The changes in annual water storage and groundwater table levels were further analyzed, as presented in Figure 3. An evident decreasing trend in water storage and an increasing trend in the groundwater table were found in the southern Haihe river plain areas. The water storage of the southern Haihe river plain decreased at the rate of 1.6 cm/a, and the groundwater table increased at the rate of 0.27 m/a. The correlation between water storage and the groundwater table was found to be strong, with the determination coefficient (R2) reaching 0.82. Zhong et al. [45] found that the land water storage in Beijing, Tianjin, and Hebei decreased at a rate greater than 1 cm/a, which was consistent with the rate of decrease presented in this work (1.6 cm/a).

3.2. Hydrological Simulation of Runoff, Evaporation, and Water Storage

Hydrological elements such as runoff, evaporation, and water storage are the key variables that should be used to evaluate the simulation results of the VIC model. Based on the synergetic calibration and validation method, the runoff, evaporation, and water storage processes in the southern Haihe river plain from 2003 to 2016 were simultaneously simulated using the VIC model. The applicability of the VIC model to the simulation of the three hydrological elements in the southern Haihe river basin was evaluated both for the whole period and for the sliding window periods. The results indicated that the VIC model reflects the hydrological element changes of the southern Haihe river basin better than the traditional model, as shown in Figure 4, Figure 5 and Figure 6.
In terms of the VIC model performance for the whole period (Figure 4k, Figure 5k and Figure 6k), the VIC model well simulated the runoff and evaporation processes of the study area both in the calibration (2003–2012) and validation (2013–2016) periods, as seen in the overall statistical results in Table 2. All the NSECs were more than 0.8, and all the CCs were more than 0.9; meanwhile, all the REs were less than 5%, and the RMSEs were small. According to the results of the water storage simulation, the CC for the calibration period was about 0.6; for the validation period, it was reduced to 0.4.
In terms of the sliding calibration results, the simulated runoff, evaporation, and water storage data of the VIC model in the 10 sliding window periods were compared with the observed values, and the statistics for the performance metrics are presented in distribution box diagrams (Figure 7). Overall, the sliding simulation by the VIC model showed good performance for the 10 sliding window periods. All absolute values of relative error (|RE|) for simulating runoff and evaporation were less than 8%; the RMSEs were all less than 10, and all the CCs were above 0.8. The simulation of water storage for each sliding period indicated no significant difference in the CC between the simulated and the observed water storage for both the calibration and the validation periods; all were ~0.7. The water storage simulated by the VIC model was found to be in good agreement with the observations of the GRACE satellite. However, for the sliding validation periods, the water storage simulated by the VIC model was slightly higher than that of the GRACE satellite inversion, particularly for the period from 2012 to 2016 (Figure 6).

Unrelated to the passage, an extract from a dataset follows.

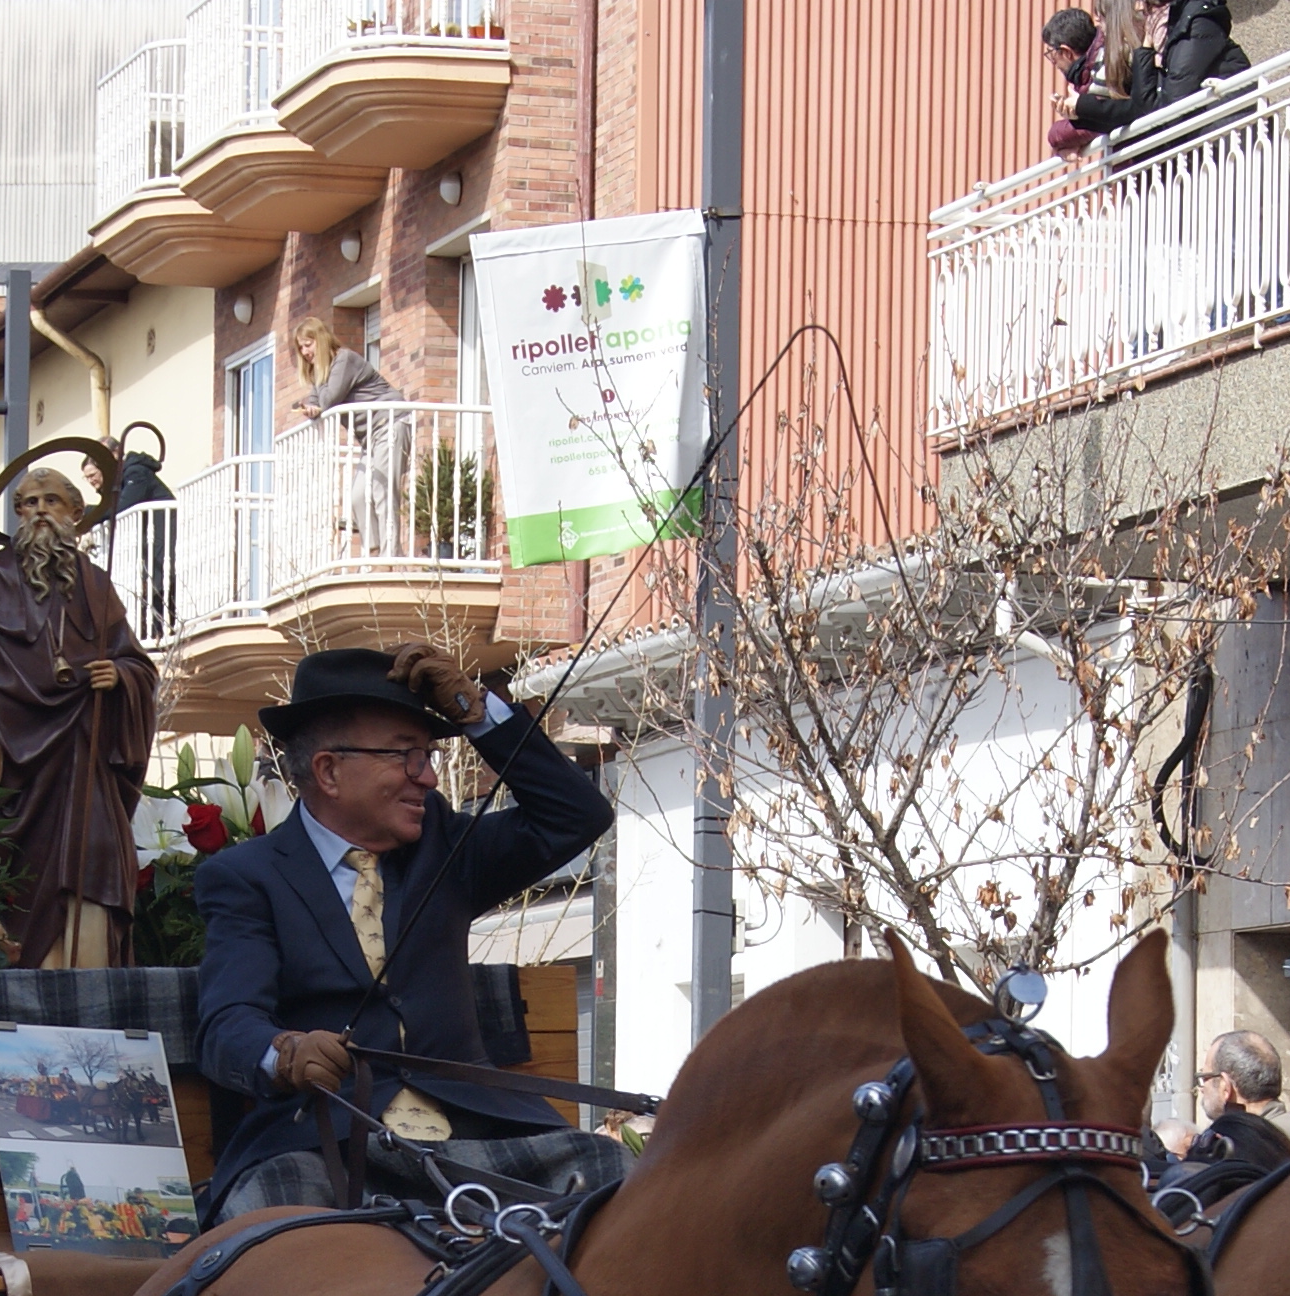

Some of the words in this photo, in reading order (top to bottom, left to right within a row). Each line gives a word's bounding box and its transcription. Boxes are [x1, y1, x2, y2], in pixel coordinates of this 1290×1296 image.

3.3. Sliding Variation Trend of Model

3.3.1. Variation Trend of Thickness of the Second Soil Layer

To obtain the variation trend of the thickness of the second soil layer (d2) in the VIC model, the optimal 25 parameter groups were selected from the total 400 sets of parameters used for the calibration and validation of each sliding period (Figure 8). It can be seen that, with the increase in the sliding window period, the average d2 ( d 2 ¯ ) gradually increased from 0.372 m to 0.415 m, especially for the last sliding period (2012–2016), which increased by 12% compared to that of the first sliding period (2003–2007). According to the aforementioned analysis of the changes in water storage and groundwater table levels, the largest decrease in water storage and the largest increase in the groundwater table also occurred during the period 2012–2016.

3.3.2. Correlation Analysis of the Groundwater Table, Water Storage, and d2

The water storage and groundwater table levels simulated by the VIC model were averaged for each sliding period, obtaining the water storage and groundwater table series for different sliding window periods. Meanwhile, the optimal d2 was chosen for each sliding period. On this basis, the correlations between water storage, the groundwater table, and the parameter d2 were further analyzed (Figure 9). A significant correlation was found between the groundwater table and water storage and the parameter d2, based on regression analysis, as shown in Figure 9a,b. The correlation coefficient between water storage and d2 was −0.95, and the slope of the regression line was −0.0003 (m), indicating that for each 1 mm decrease in water storage, the parameter d2 of the VIC model increased by 0.3 mm. Similarly, the correlation coefficient between the groundwater table and d2 reached 0.98, with the slope of the regression line reaching 0.017 (m), indicating that for each 1 m increase in the groundwater table, d2 increased by 0.017 m. According to the aforementioned temporal-spatial analysis of water storage and groundwater table levels in Section 3.1, the rate of decrease in water storage was 1.6 cm/a, and the rate of increase in the groundwater table was 0.27 m/a. At such decreasing/increasing rates, the parameter d2 in the VIC model would increase 0.46–0.48 cm/a for the southern Haihe river basin plain.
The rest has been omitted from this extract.